Today is the Solemnity of the Annunciation, the day we remember that the Word was made flesh and dwelt amongst us. It is also the day on which Flannery O'Connor, the great Southern Catholic writer, was born 90 years ago. Thus, it's a great day to dust off your copy of Mystery and Manners: Occasional Prose and read her essay, "The King of the Birds." It seems like it's about peacocks, but I think it's about the Incarnation.
Simply put, Flannery O'Connor was utterly captivated by the sight of a peacock. Awestruck, mystified, delighted, she chose to raise them in the dozens on her farm in Milledgeville, Georgia. At one point, she had forty (a very theologically rich number). Just imagine what that would be like: Exploding fireworks or shimmering cascades of green, teal, cobalt, and gold everywhere you look. And yes, it would be loud. O'Connor describes this for us in the essay:
Frequently the cock combines the lifting of his tail with the raising of his voice. He appears to receive through his feet some shock from the center of the earth, which travels upward through him and is released: Eee-ooo-ii! Eee-ooo-ii! To the melancholy this sound is melancholy and to the hysterical it is hysterical. To me, it has always sounded like a cheer for an invisible parade.Likewise, she describes the various reactions that the sight of a peacock elicits. A man who was treated to a perfect display merely commented on the bird's long, ugly legs. An old woman disliked them so much that she compelled her grandson to slaughter and eat them. But the childlike—the actually young and the spiritually so—cannot help but gape and enjoy. This is the key to her point: one's reaction to the sound or sight of a peacock corresponds to the state of his or her soul. She does not say this plainly, but this is what I take from it; and it reminds me to allow awe and wonder to come pouring in every chance I get. It reminds me to become like a child if I wish to enter the Kingdom of God. There's no better invitation to be amazed and humbled than today, when the Word became flesh.

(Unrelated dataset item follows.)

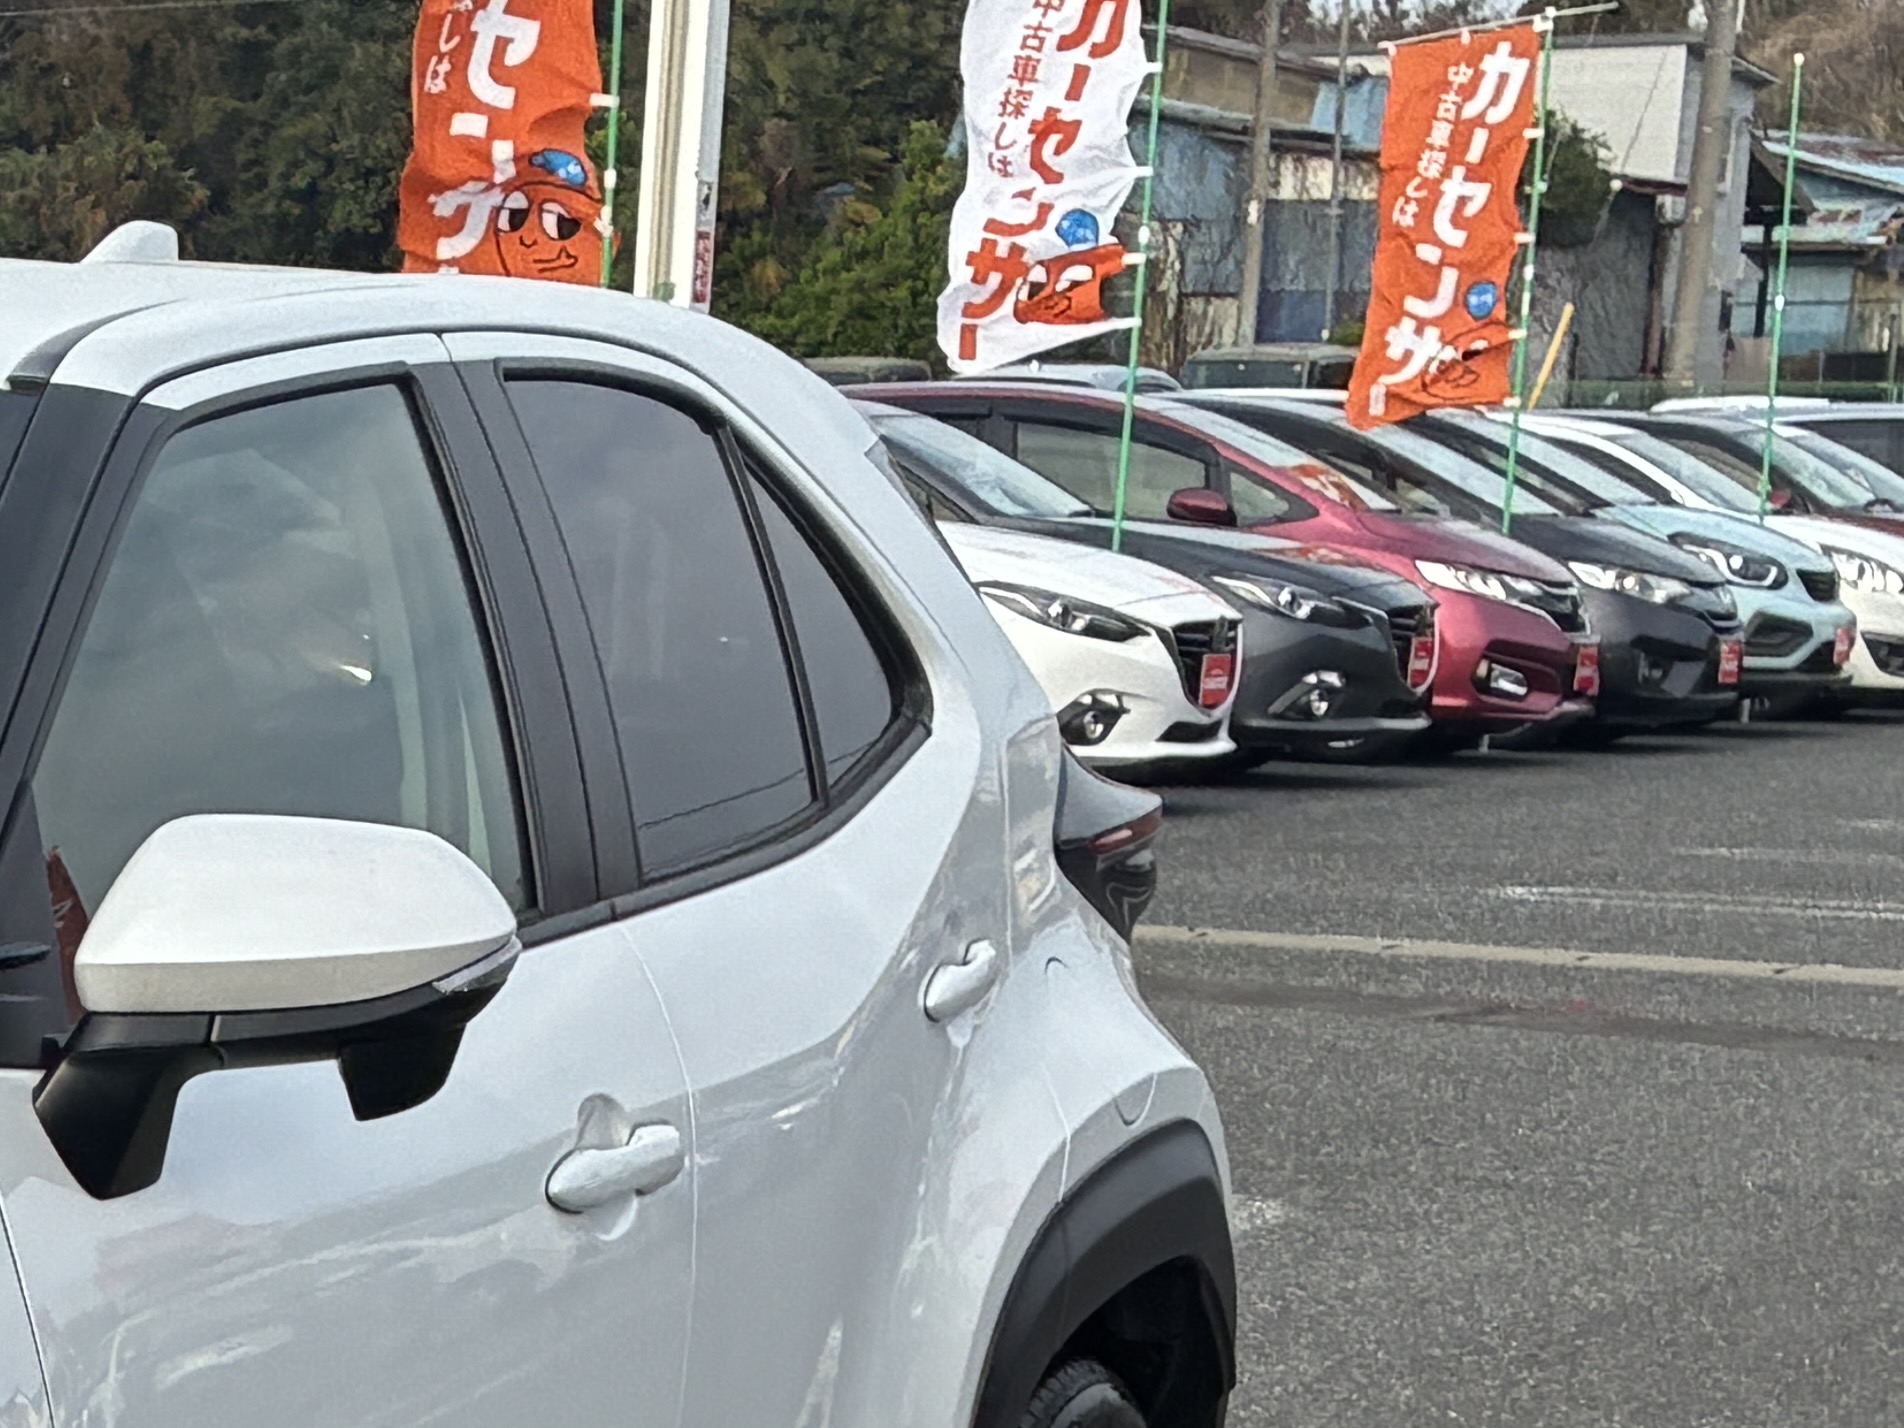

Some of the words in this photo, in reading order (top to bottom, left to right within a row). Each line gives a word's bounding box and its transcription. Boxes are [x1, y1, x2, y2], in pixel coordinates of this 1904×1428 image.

[1369, 40, 1531, 417] カーセンサー

We must not be caught emulating the ambivalent peahen, who, as O'Connor describes, fails to appreciate the arching splendor before her, "diligently searching the ground as if any bug in the grass were of more importance than the unfurled map of the universe which floats nearby." C.S. Lewis made this same point in "The Weight of Glory":
It would seem that Our Lord finds our desires not too strong, but too weak. We are half-hearted creatures, fooling about with drink and sex and ambition when infinite joy is offered us, like an ignorant child who wants to go on making mud pies in a slum because he cannot imagine what is meant by the offer of a holiday at the sea. We are far too easily pleased.A failure of imagination is a pitiful excuse. We must train ourselves to look up—to appreciate truth, goodness, and beauty wherever we find it, especially when it is right in front of us.
Recently, I heard a talk which pointed out that Flannery O'Connor's fiction is itself like a peacock: it is a bolt from the blue—a shocking, unaccountable call to deeper conversion. If you'd like perfect fodder for meditation in these last few days of Lent, read her short story, "Parker's Back," and let the Incarnate Word be tattooed on your soul in time for His Resurrection.
P.S. This is what I was talking about at the end of my owl post last year. Now you know.